Cuando se detuvieron frente a los arrecifes de coral
de Las Américas, el coronel ordenó a
sus hombres sacar al moribundo del vehículo y llevarlo hasta el mismo borde del
acantilado. El profesor sintió, más allá del ruido de las olas, la tibia
presencia de la brisa marina golpeando levemente su maltratado rostro. Cuando
lo depositaron sobre la dura formación rocosa, el coronel exigió a los matones
que lo ataran con cuerdas y luego le colocaran cadenas alrededor del cuerpo.
Uno de los hombres, después de atar y encadenar al profesor, exclamó:
—¡Ahora este maricón pesa más de una tonelada!
Entonces el coronel, en un arranque de histeria
comprimida, ordenó finalmente a sus hombres deshacerse del profesor.

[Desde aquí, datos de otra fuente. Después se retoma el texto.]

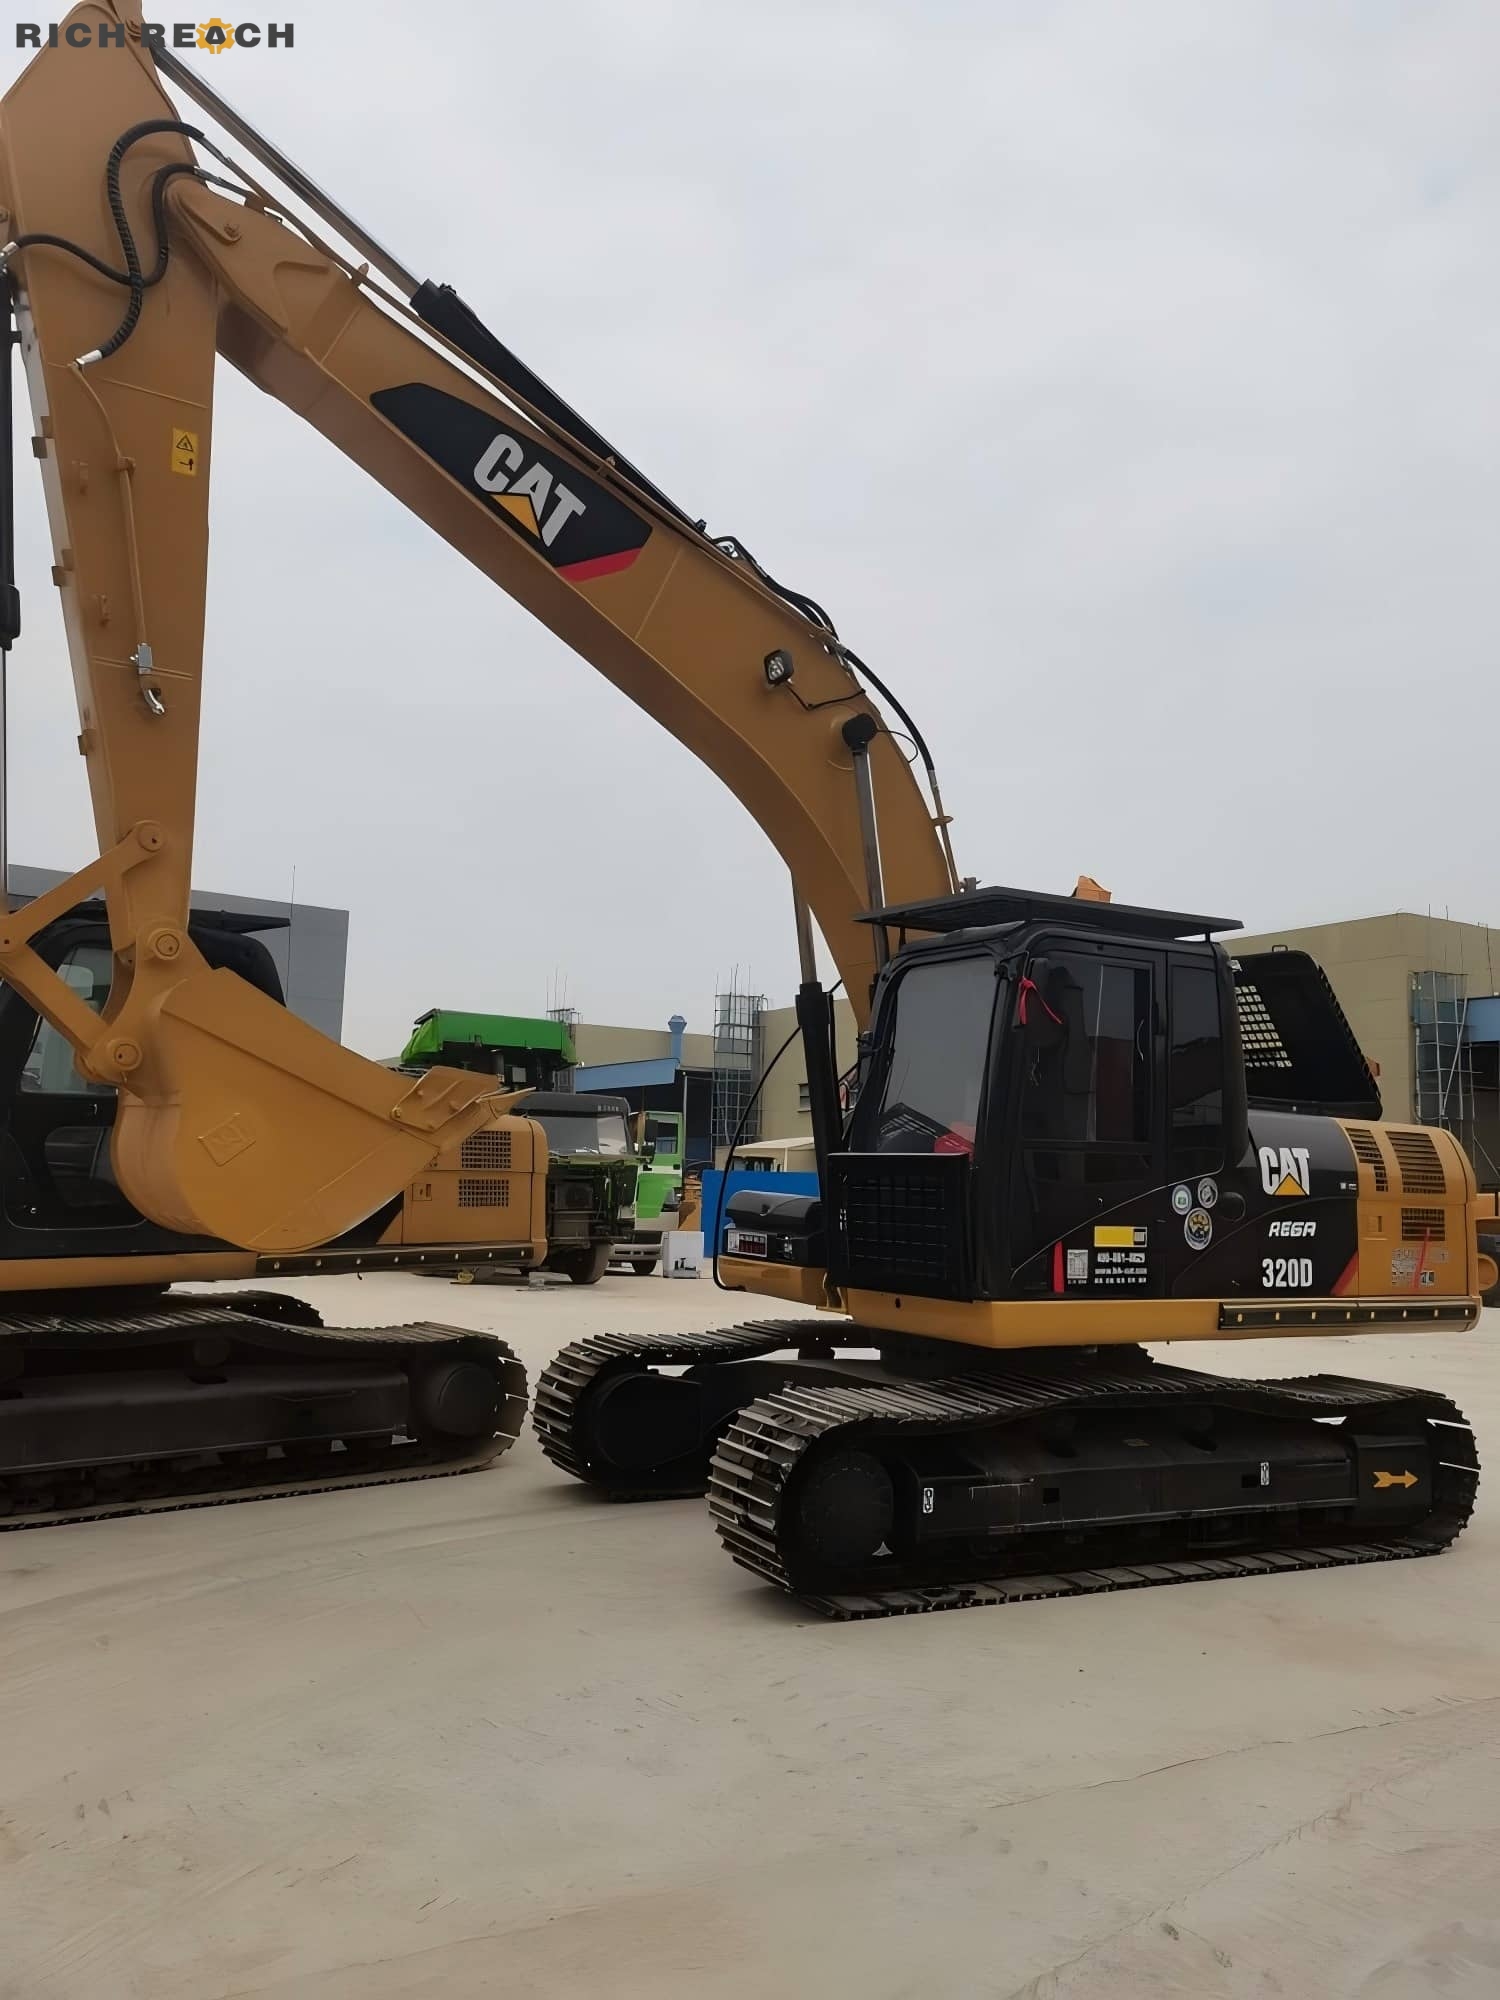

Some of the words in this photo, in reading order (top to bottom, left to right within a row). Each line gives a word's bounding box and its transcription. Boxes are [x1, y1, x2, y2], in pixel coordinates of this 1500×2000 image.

[473, 433, 587, 547] CAT
[1258, 1146, 1310, 1196] CAT
[1262, 1257, 1313, 1288] 320D

Cumpliendo
la orden, los matones tomaron por los hombros y las piernas al profesor y,
balanceándolo fuertemente sobre el precipicio, lo dejaron caer al mar.
Mientras caía, el profesor abrió los ojos y
contempló el más hermoso de los paisajes: sobre la superficie marina teñida por
un azul profundo, comenzaba a levantarse el clarificador, el penetrante e
inmenso fulgor de la madrugada. Después, cuando su rostro golpeó el agua, vino
la nada como un sacudimiento donde se funden la oscuridad y las estrellas.